Expert Beggar, Little Sister, Foundress, Humble Servant
St. Jeanne Jugan
When Jeanne was born in 1792, France was caught in the bloody French Revolution. Times were difficult for the Jugan family, and begging became a way of life for Jeanne from a young age. Although Jeanne did not receive a formal education, she did receive formation in her faith, secretly, from her mother and other Catholic women. When she was only four years old, her father was lost at sea. Her mother struggled to make ends meet for her four children. As a young girl, Jeanne worked to help support her family. She received her first marriage proposal when she was 18, but declined. When she refused the suitor again six years later, she told her mother that, “God wants me for Himself. He is keeping me for a work which is not yet founded.”
“God wants me for Himself. He is keeping me for a work which is not yet founded.”
It would be many years before Jeanne would discover what that work was that God had in mind for her. When she was 25, she became a nurse in a hospital and joined the Third Order of St. John Eudes. A few years later, she met a poor, elderly woman on the street and recognized the face of Christ in this stranger.
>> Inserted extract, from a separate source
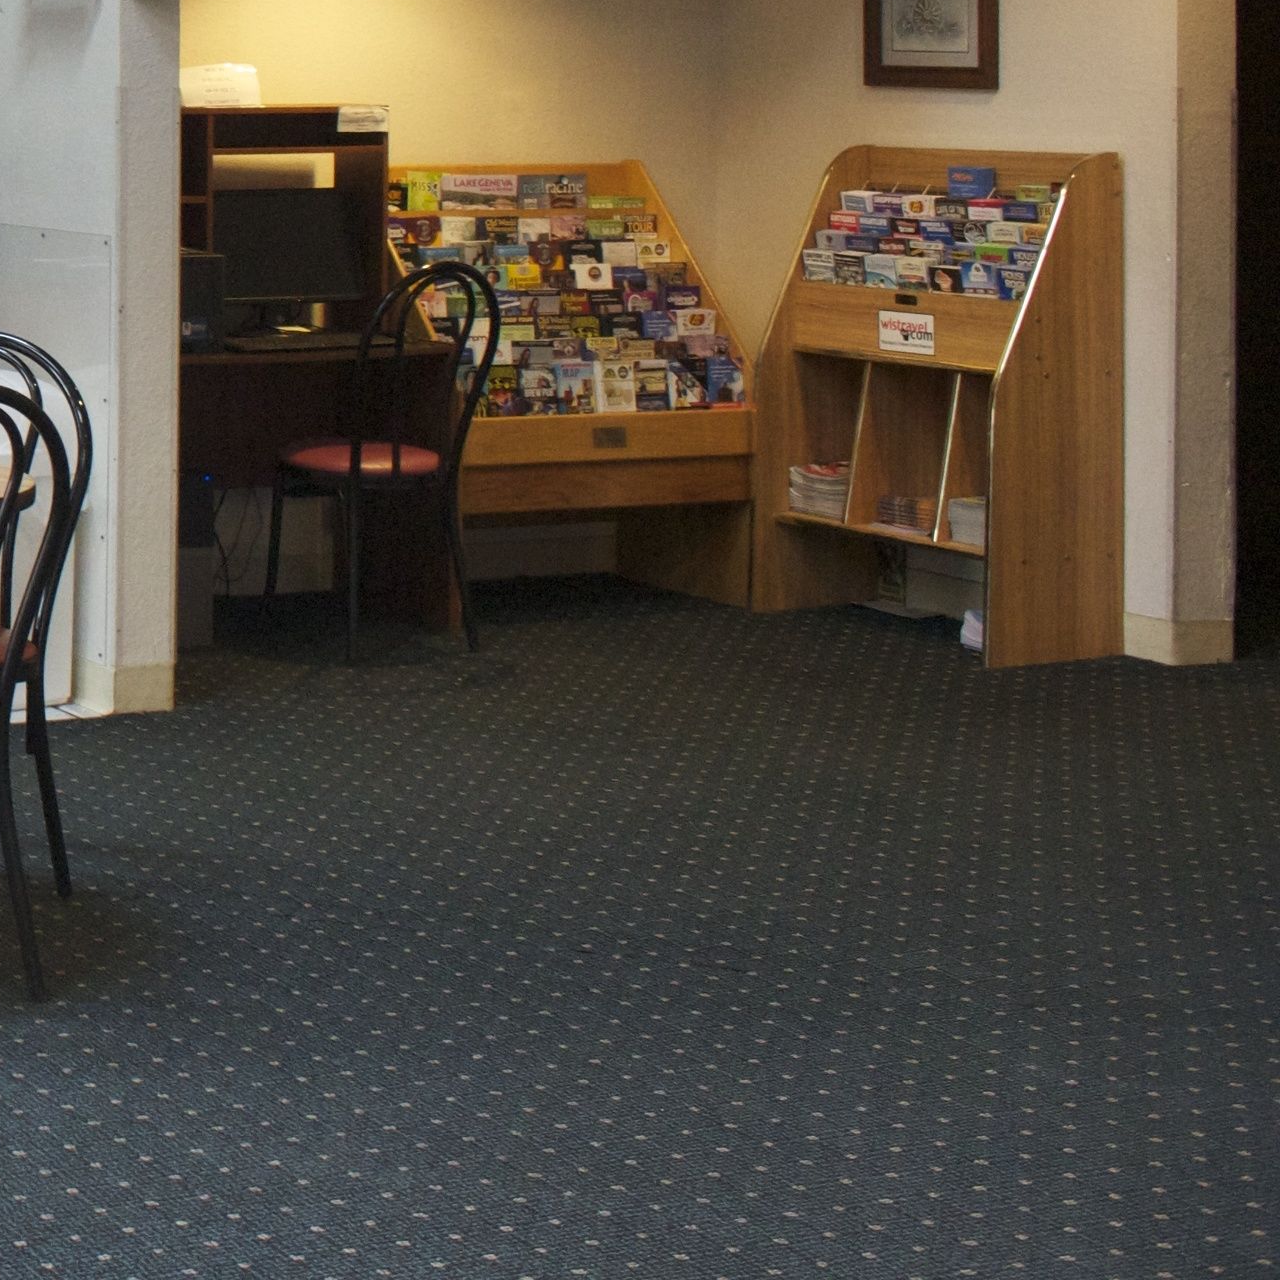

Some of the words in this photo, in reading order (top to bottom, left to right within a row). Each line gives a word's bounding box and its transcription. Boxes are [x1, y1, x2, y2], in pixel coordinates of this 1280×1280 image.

[454, 178, 477, 187] LAKE
[478, 178, 513, 188] GENEVA
[626, 222, 654, 232] TOUR
It was a cold night and Jeanne carried the woman to her home. She placed the woman in her bed and, from then on, Jeanne slept in the attic. Soon, she began to care for two more elderly women. By 1841, she had to rent space to provide rooms for the many people she cared for. In 1842, she was able to obtain an old convent that could house 40 people.
Women who shared the outlook that “the poor are Our Lord” began to gather around Jeanne for leadership. They sustained themselves by begging in the streets and the locals dubbed them “the Little Sisters of the Poor,” based on their radical solidarity and love for those they served. Less than ten years after Jeanne had taken in the first woman, over 100 women had joined her in mission. As the Little Sisters grew, so did Jeanne’s reputation. However, when Father Auguste Le Pailleur was made the superior general of the Little Sisters, he cast her aside into retirement. When she died after 27 years of obscurity, none of her Sisters knew that she was their foundress! She truly lived the words she often spoke: “We are grafted into the cross and we must carry it joyfully unto death.” The seed that Jeanne planted had been nourished by the Holy Spirit and flourished into 2,400 members.
“We are grafted into the cross and we must carry it joyfully unto death.”
Jeanne was recognized as the foundress when the Holy See investigated the actions of Father Le Pailleur and removed him. During her beatification Mass, Pope St. John Paul II said that “God could glorify no more humble a servant than she.” Let us pray that Jesus will give us the courage to follow Him with the radical love that St. Jeanne Jugan emulated.